- Problem details
Set each record down exactly, excluding all images.
===== Task input =====
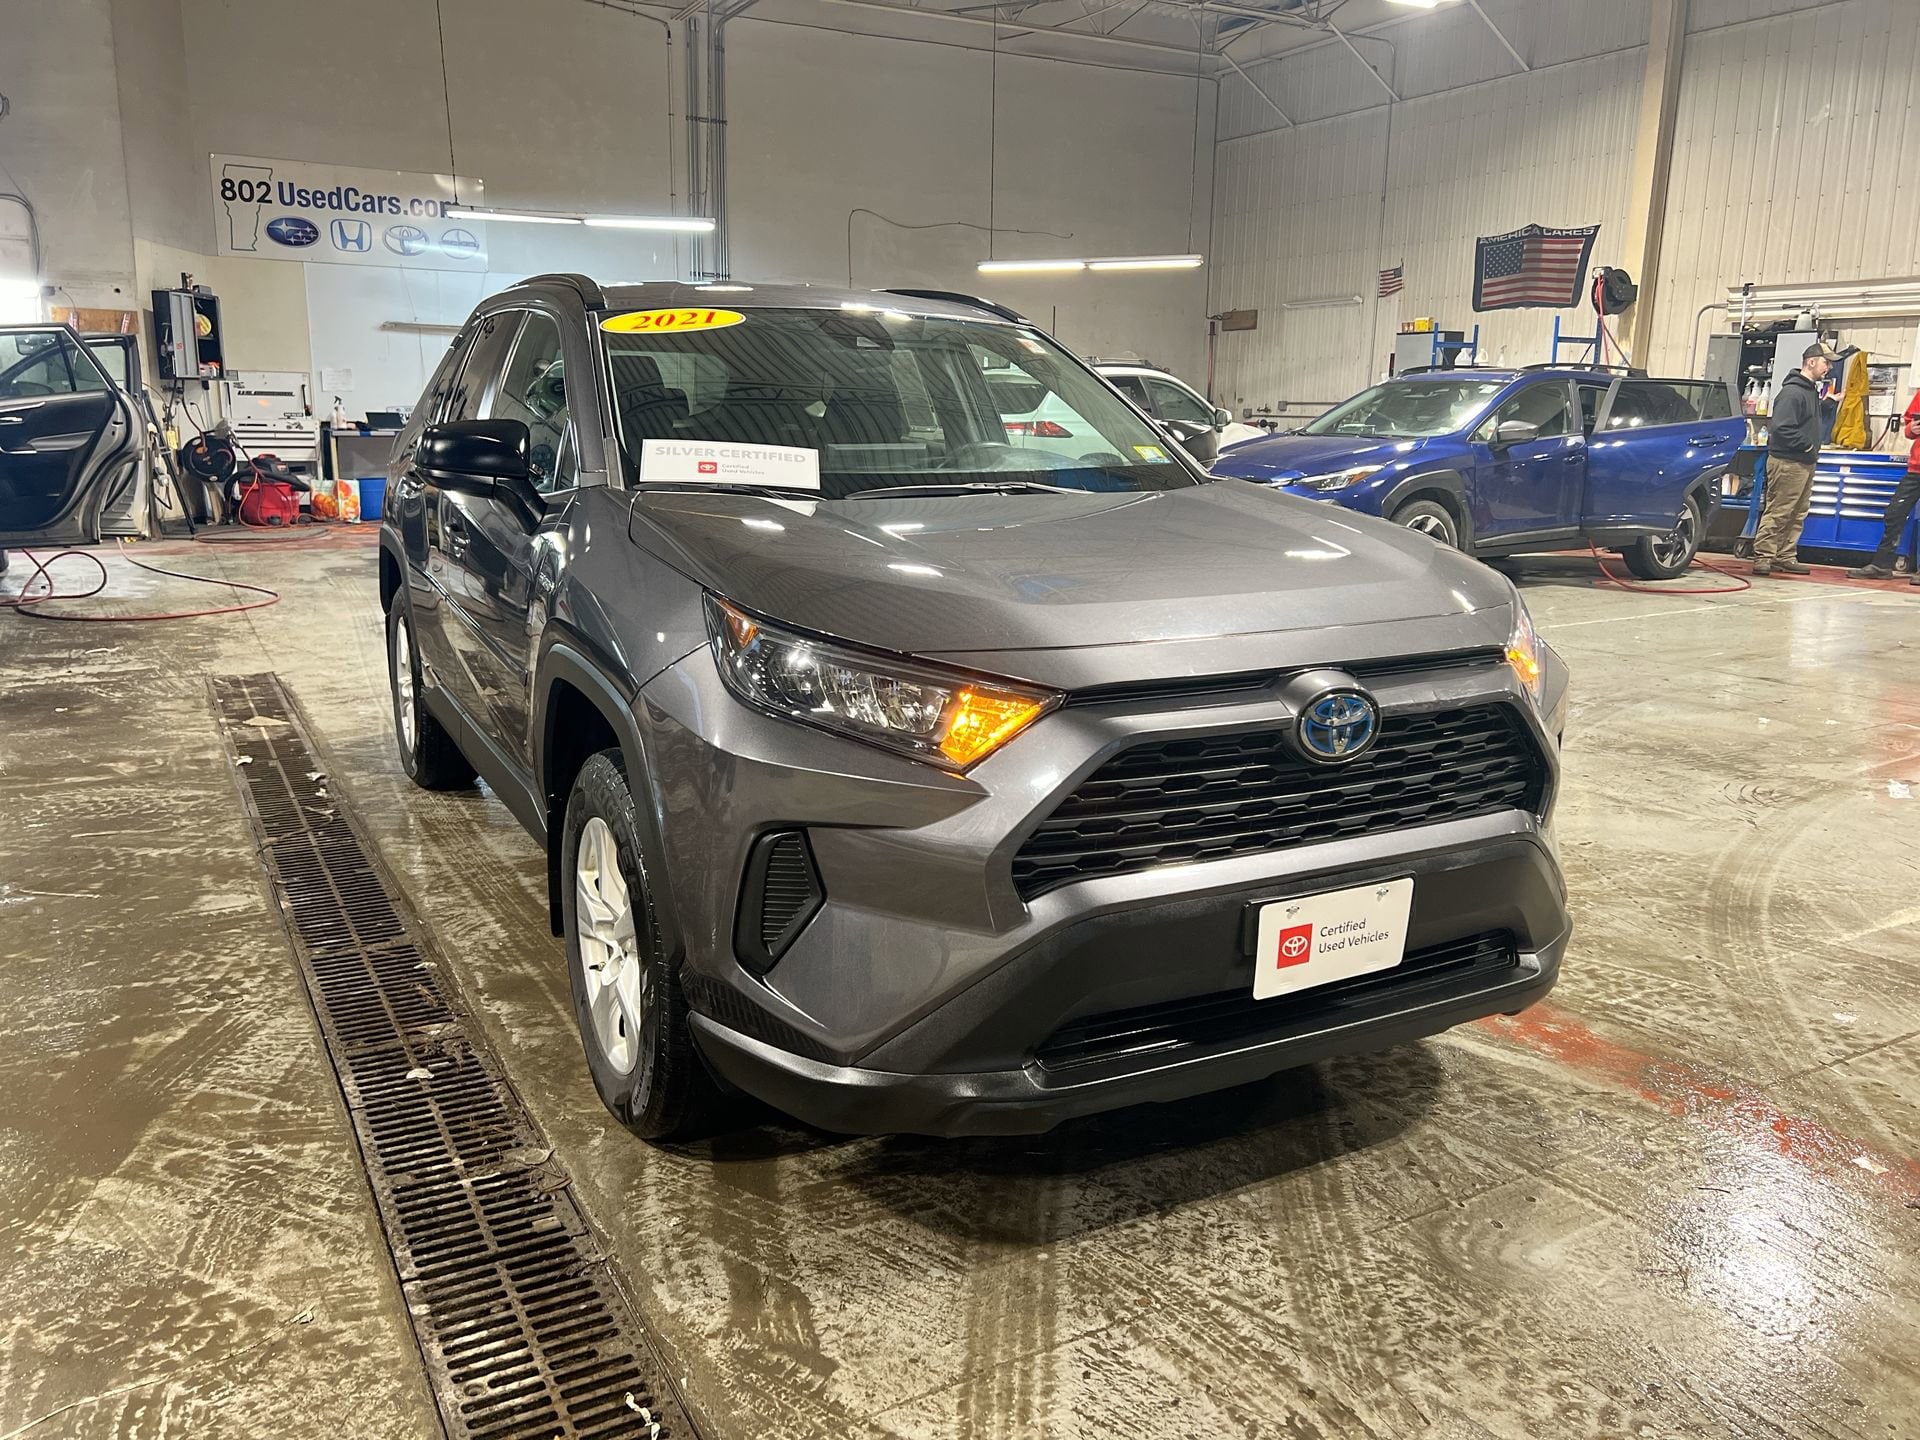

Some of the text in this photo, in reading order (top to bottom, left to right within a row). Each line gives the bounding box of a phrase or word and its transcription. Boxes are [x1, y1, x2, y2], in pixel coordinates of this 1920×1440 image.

[221, 178, 273, 205] 802
[632, 311, 717, 330] 2021
[655, 446, 807, 463] SILVER CERTIFIED
[1320, 918, 1366, 938] Certified
[1318, 930, 1390, 954] Used Vehicles
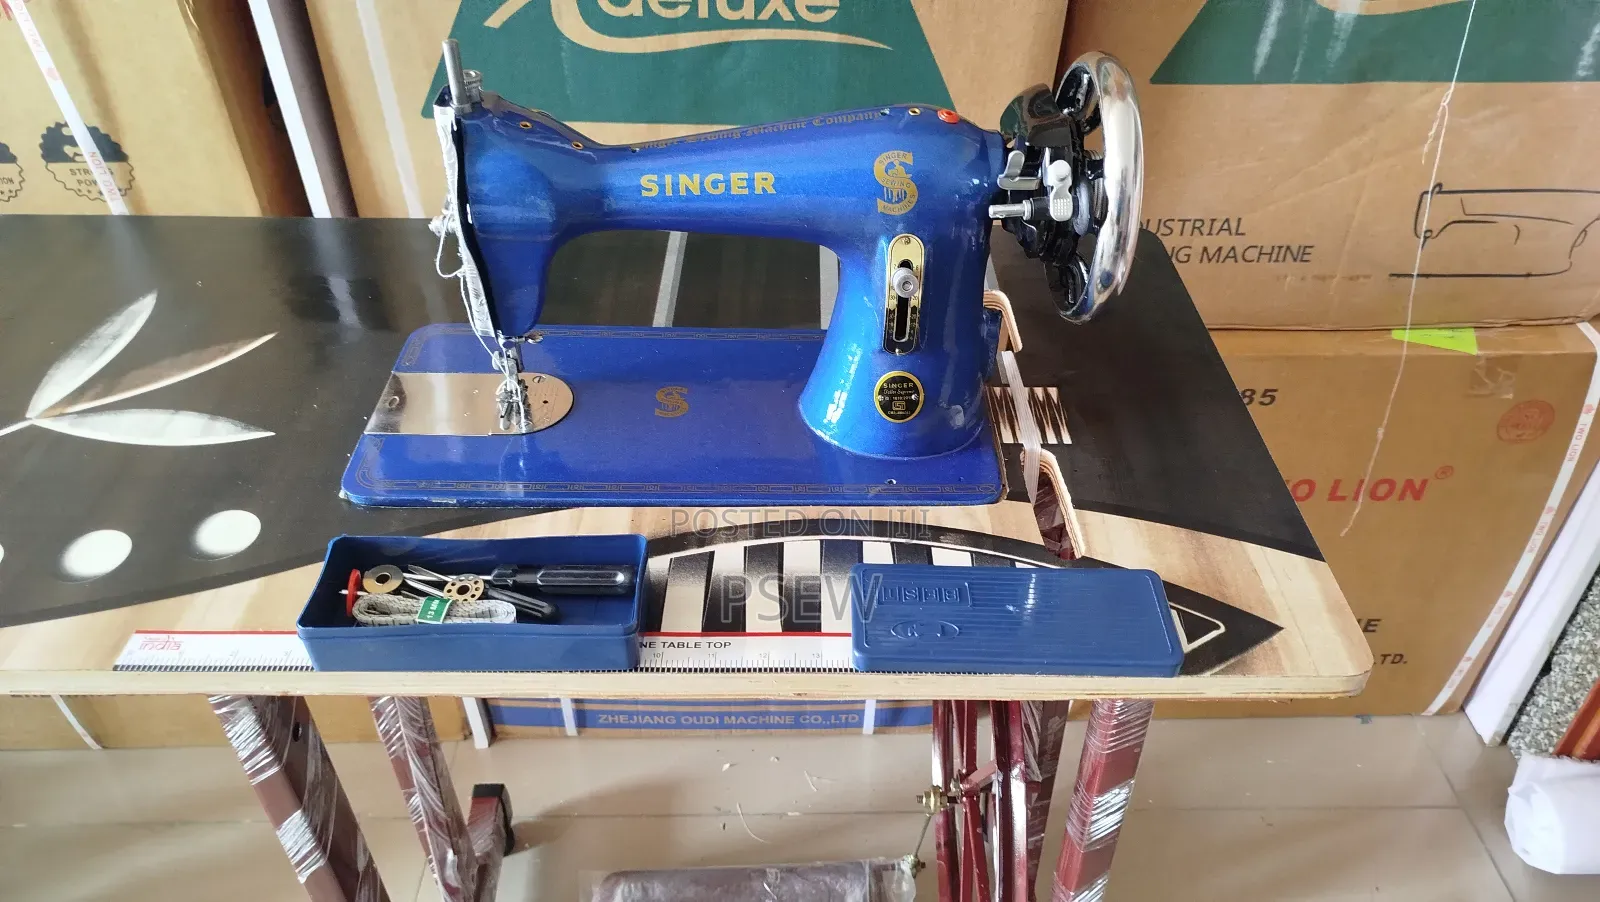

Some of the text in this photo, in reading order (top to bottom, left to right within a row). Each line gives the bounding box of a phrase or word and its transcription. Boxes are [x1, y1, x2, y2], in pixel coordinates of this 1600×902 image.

[878, 152, 908, 166] SINGER
[639, 171, 776, 197] SINGER
[1140, 217, 1247, 237] USTRIAL
[1199, 245, 1315, 264] MACHINE
[1327, 478, 1429, 502] LION
[660, 641, 702, 649] TABLE
[706, 641, 732, 649] TOP
[598, 713, 677, 725] ZHEJIANG
[680, 713, 720, 725] OUDI
[724, 714, 795, 725] MACHINE
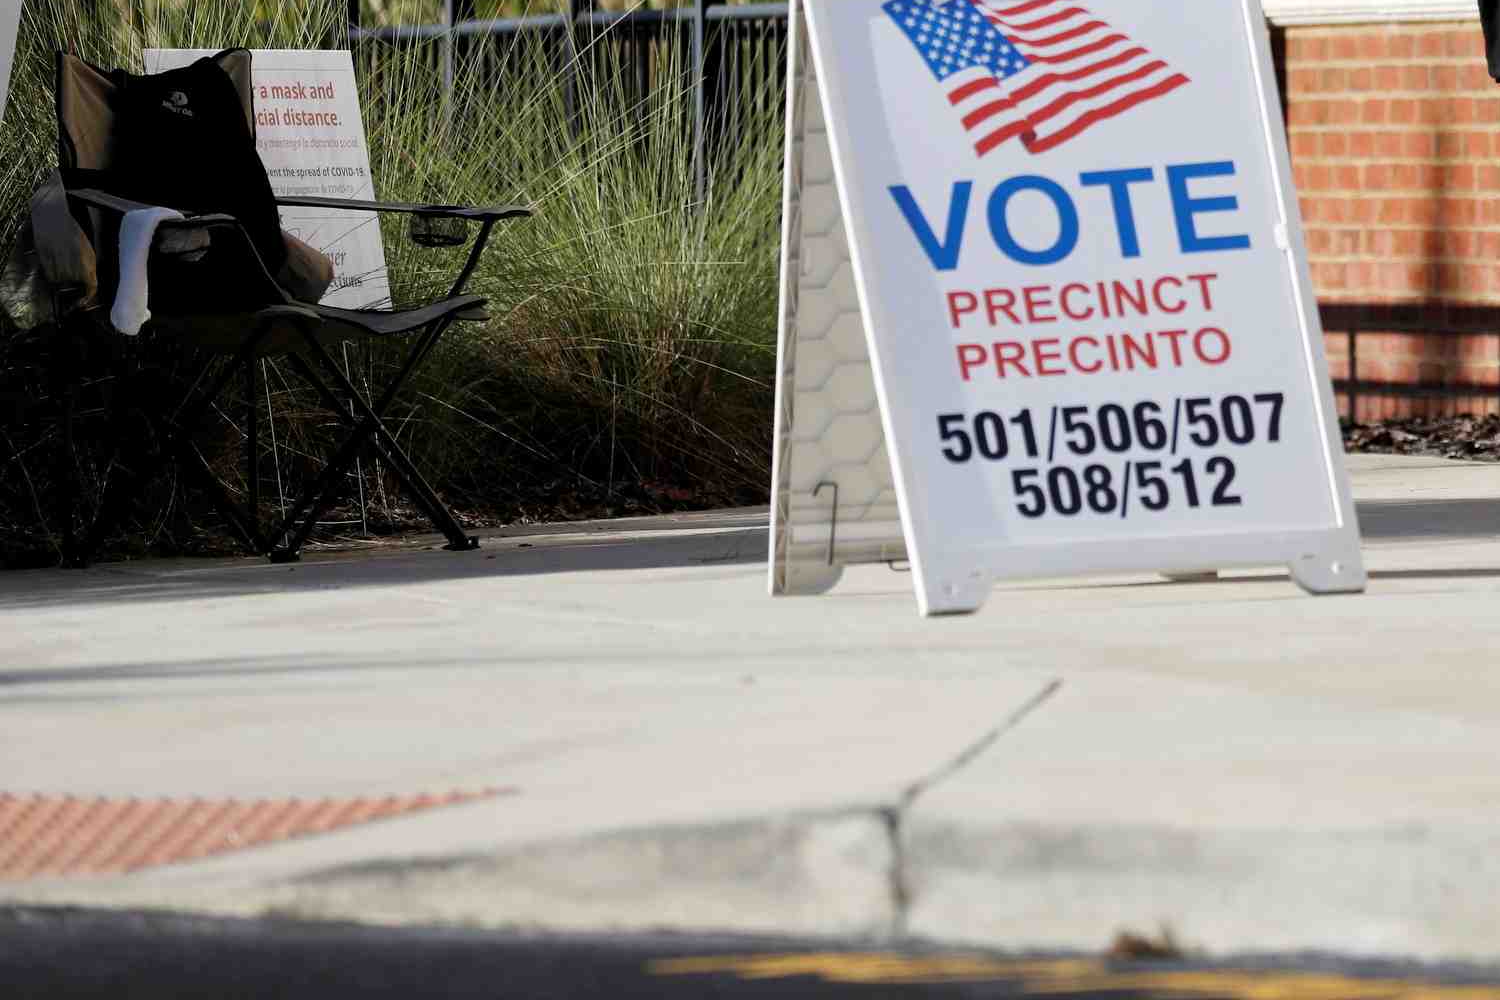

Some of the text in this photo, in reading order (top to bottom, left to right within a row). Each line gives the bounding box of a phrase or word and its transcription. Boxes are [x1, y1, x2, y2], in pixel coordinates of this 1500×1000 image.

[254, 108, 343, 126] cial distance.
[260, 85, 268, 99] a
[271, 81, 306, 99] mask
[310, 81, 336, 99] and
[284, 166, 296, 177] the
[297, 167, 322, 181] spread
[323, 167, 331, 177] of
[886, 160, 1251, 272] VOTE
[945, 273, 1218, 330] PRECINCT
[955, 327, 1232, 382] PRECINTO
[937, 392, 1285, 464] 501/506/507
[1011, 456, 1243, 519] 508/512
=====
- Written solution
Some of the text in this photo, in reading order (top to bottom, left to right within a row). Each line gives the bounding box of a phrase or word and its transcription. Boxes are [x1, y1, x2, y2], in pixel coordinates of this 1920×1440 image.

[221, 178, 273, 205] 802
[632, 311, 717, 330] 2021
[655, 446, 807, 463] SILVER CERTIFIED
[1320, 918, 1366, 938] Certified
[1318, 930, 1390, 954] Used Vehicles

Some of the text in this photo, in reading order (top to bottom, left to right within a row). Each line gives the bounding box of a phrase or word and its transcription. Boxes are [x1, y1, x2, y2], in pixel coordinates of this 1600×902 image.

[878, 152, 908, 166] SINGER
[639, 171, 776, 197] SINGER
[1140, 217, 1247, 237] USTRIAL
[1199, 245, 1315, 264] MACHINE
[1327, 478, 1429, 502] LION
[660, 641, 702, 649] TABLE
[706, 641, 732, 649] TOP
[598, 713, 677, 725] ZHEJIANG
[680, 713, 720, 725] OUDI
[724, 714, 795, 725] MACHINE

Some of the text in this photo, in reading order (top to bottom, left to right within a row). Each line gives the bounding box of a phrase or word and its transcription. Boxes are [x1, y1, x2, y2], in pixel coordinates of this 1500×1000 image.

[254, 108, 343, 126] cial distance.
[260, 85, 268, 99] a
[271, 81, 306, 99] mask
[310, 81, 336, 99] and
[284, 166, 296, 177] the
[297, 167, 322, 181] spread
[323, 167, 331, 177] of
[886, 160, 1251, 272] VOTE
[945, 273, 1218, 330] PRECINCT
[955, 327, 1232, 382] PRECINTO
[937, 392, 1285, 464] 501/506/507
[1011, 456, 1243, 519] 508/512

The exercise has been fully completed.